The algorithm’s performance was measured through the creation of a sensitivity-specificity curve, where sensitivity represented the algorithm’s ability to correctly identify malignant lesions and specificity represented its ability to correctly identify benign lesions. The algorithm was assessed through three key diagnostic tasks: keratinocyte carcinoma classification, melanoma classification, and melanoma classification when viewed using dermoscopy. In all three tasks, the algorithm matched the performance of the dermatologists with the area under the sensitivity-specificity curve amounting to at least 91 percent of the total area of the graph.
An added advantage of the algorithm is that, unlike a person, the algorithm can be made more or less sensitive, allowing the researchers to tune its response depending on what they want it to assess. This ability to alter the sensitivity hints at the depth and complexity of this algorithm. The underlying architecture of seemingly irrelevant photos—including those of cats and dogs—helps it better evaluate the skin lesion images.
Health care by smartphone
Although this algorithm currently exists on a computer, the team would like to make it smartphone-compatible in the near future, bringing reliable skin cancer diagnoses to our fingertips.
“My main eureka moment was when I realized just how ubiquitous smartphones will be,” said Esteva. “Everyone will have a supercomputer in their pockets with a number of sensors in it, including a camera. What if we could use it to visually screen for skin cancer?

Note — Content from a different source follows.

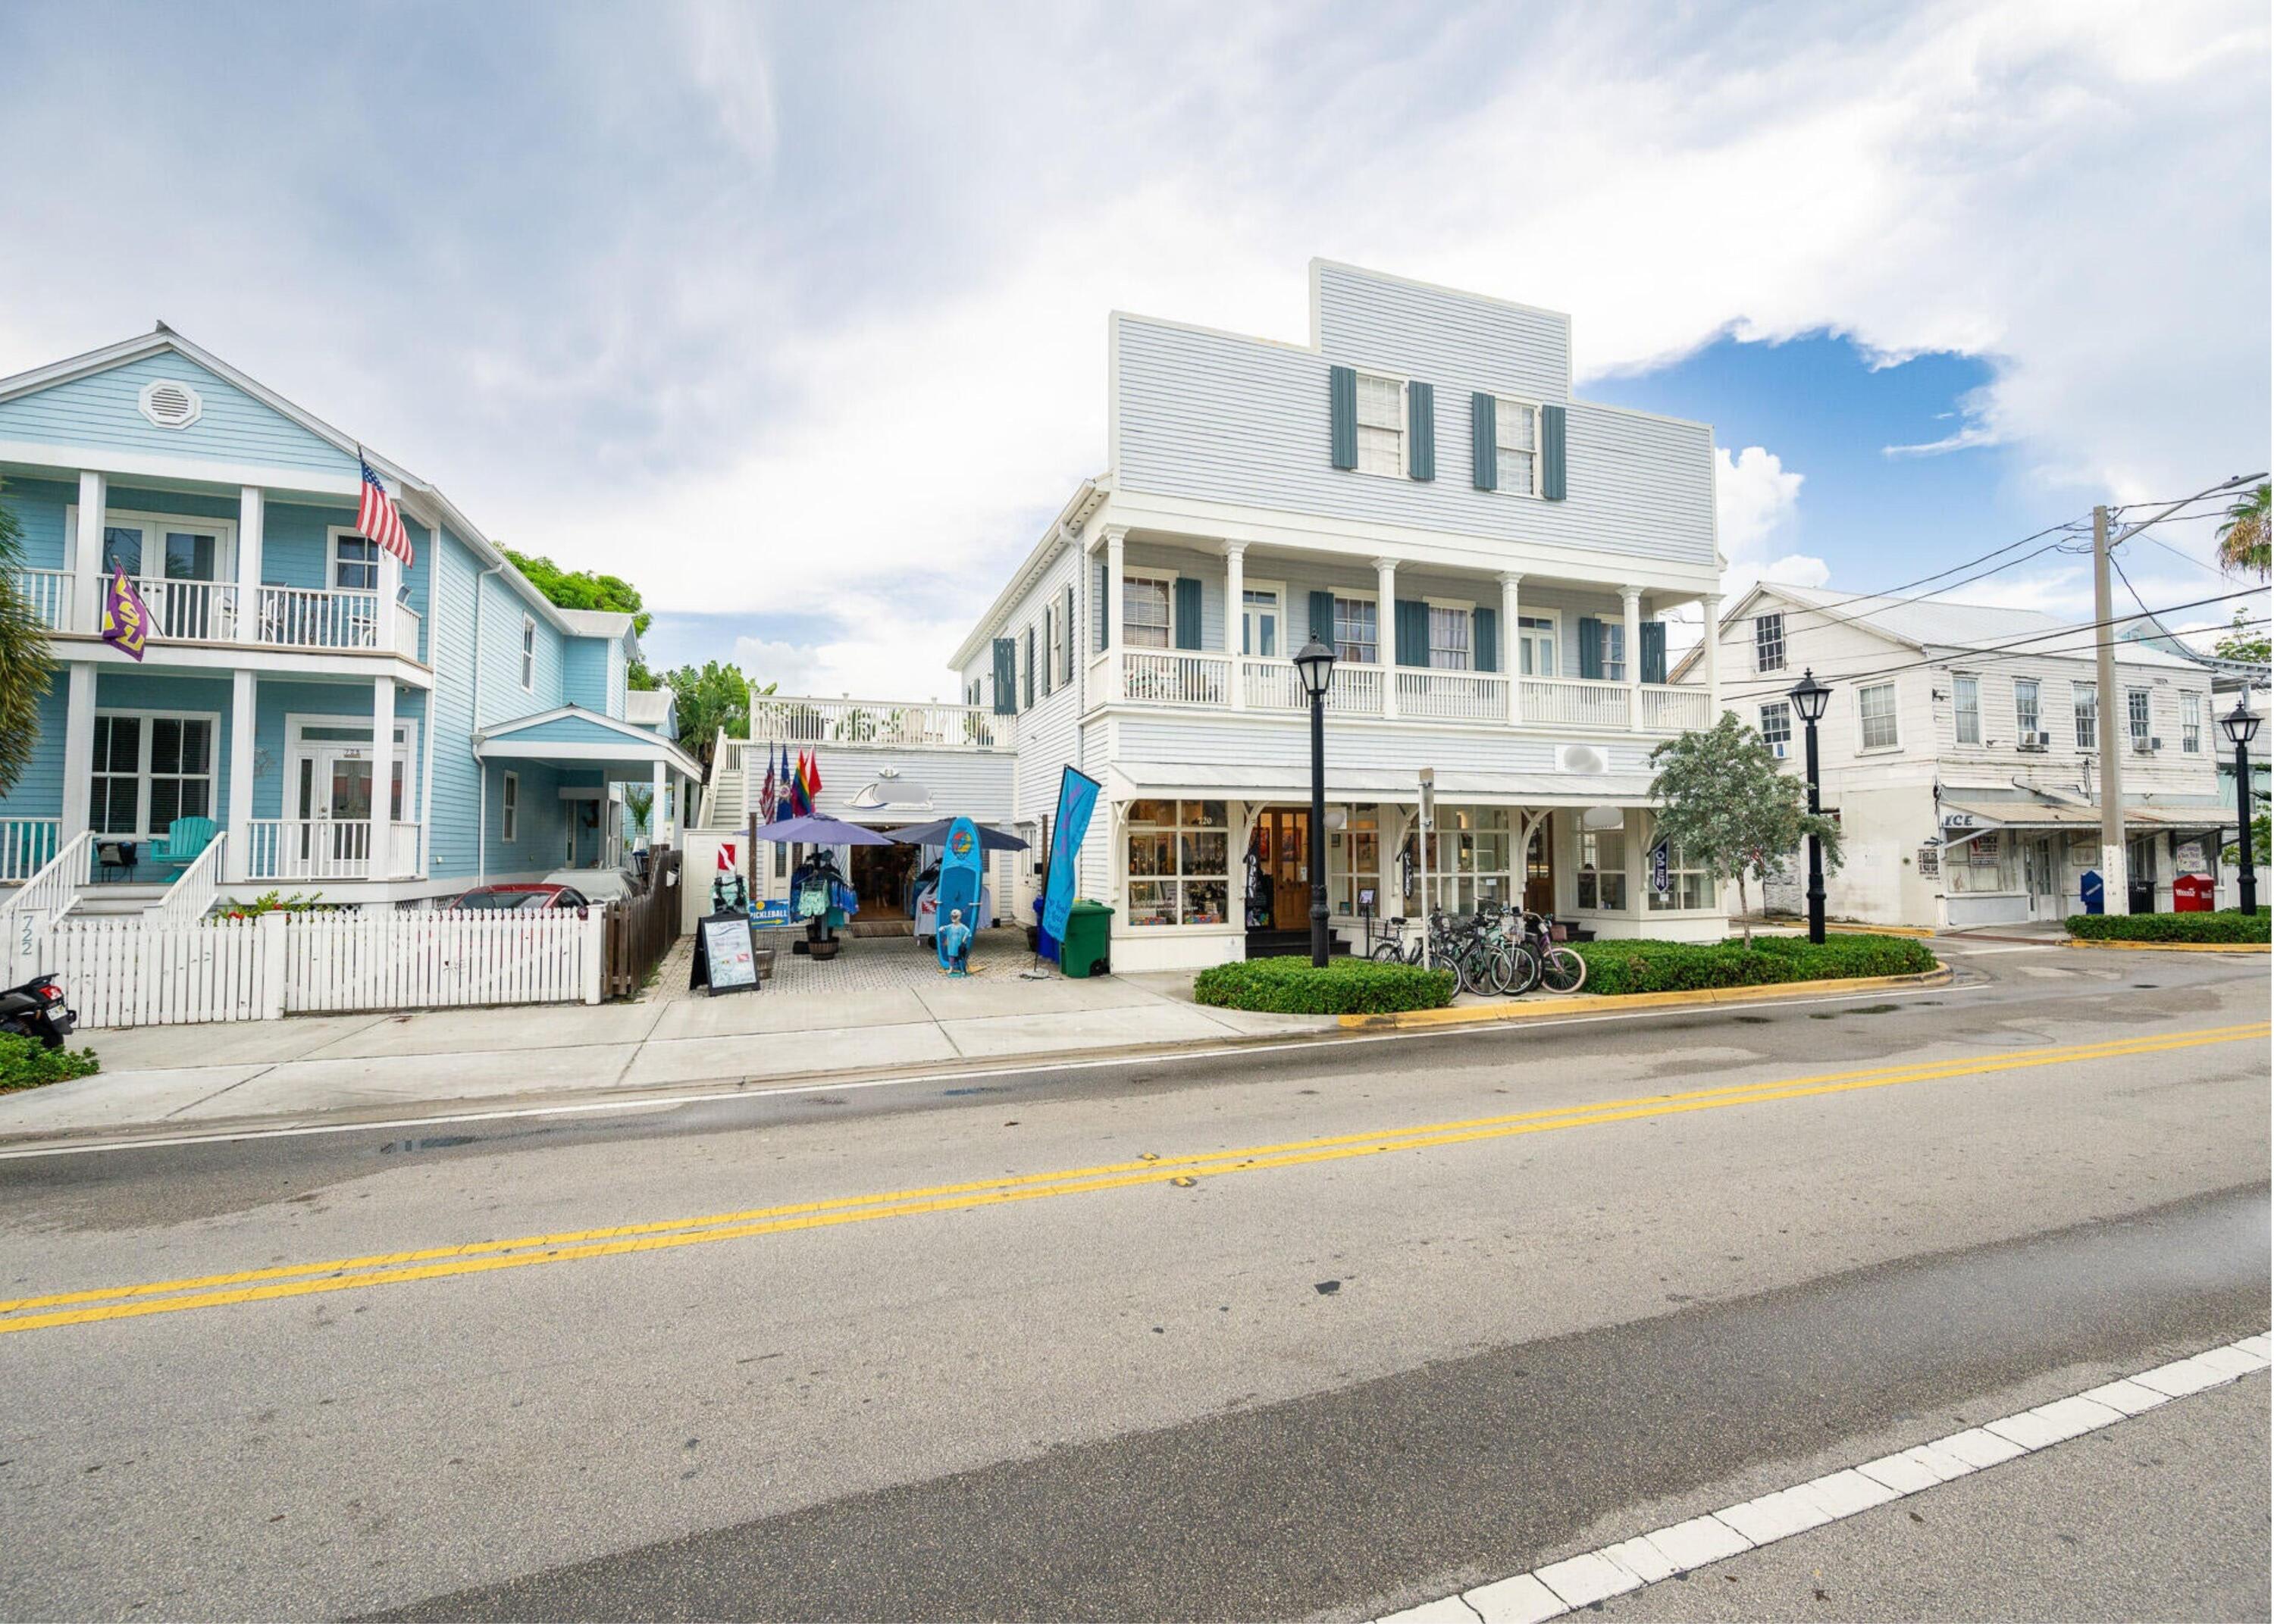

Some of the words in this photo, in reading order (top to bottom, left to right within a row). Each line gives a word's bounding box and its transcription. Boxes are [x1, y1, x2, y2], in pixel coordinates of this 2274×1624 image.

Or other ailments?”
The team believes it will be relatively easy to transition the algorithm to mobile devices, but there still needs to be further testing in a real-world clinical setting.
“Advances in computer-aided classification of benign versus malignant skin lesions could greatly assist dermatologists in improved diagnosis for challenging lesions and provide better management options for patients,” said Susan Swetter, MD, a professor of dermatology and director of the Pigmented Lesion and Melanoma Program at the Stanford Cancer Institute, and a co-author of the paper. “However, rigorous prospective validation of the algorithm is necessary before it can be implemented in clinical practice, by practitioners and patients alike.”
Even in light of the challenges ahead, the researchers are hopeful that deep learning could someday contribute to visual diagnosis in many medical fields.
Thrun is founder and president of Udacity, a company that offers massive open online courses. Blau is the director of the Baxter Laboratory for Stem Cell Biology and a member of Stanford Bio-X, the Stanford Cardiovascular Institute, the Child Health Research Institute and the Stanford Cancer Institute.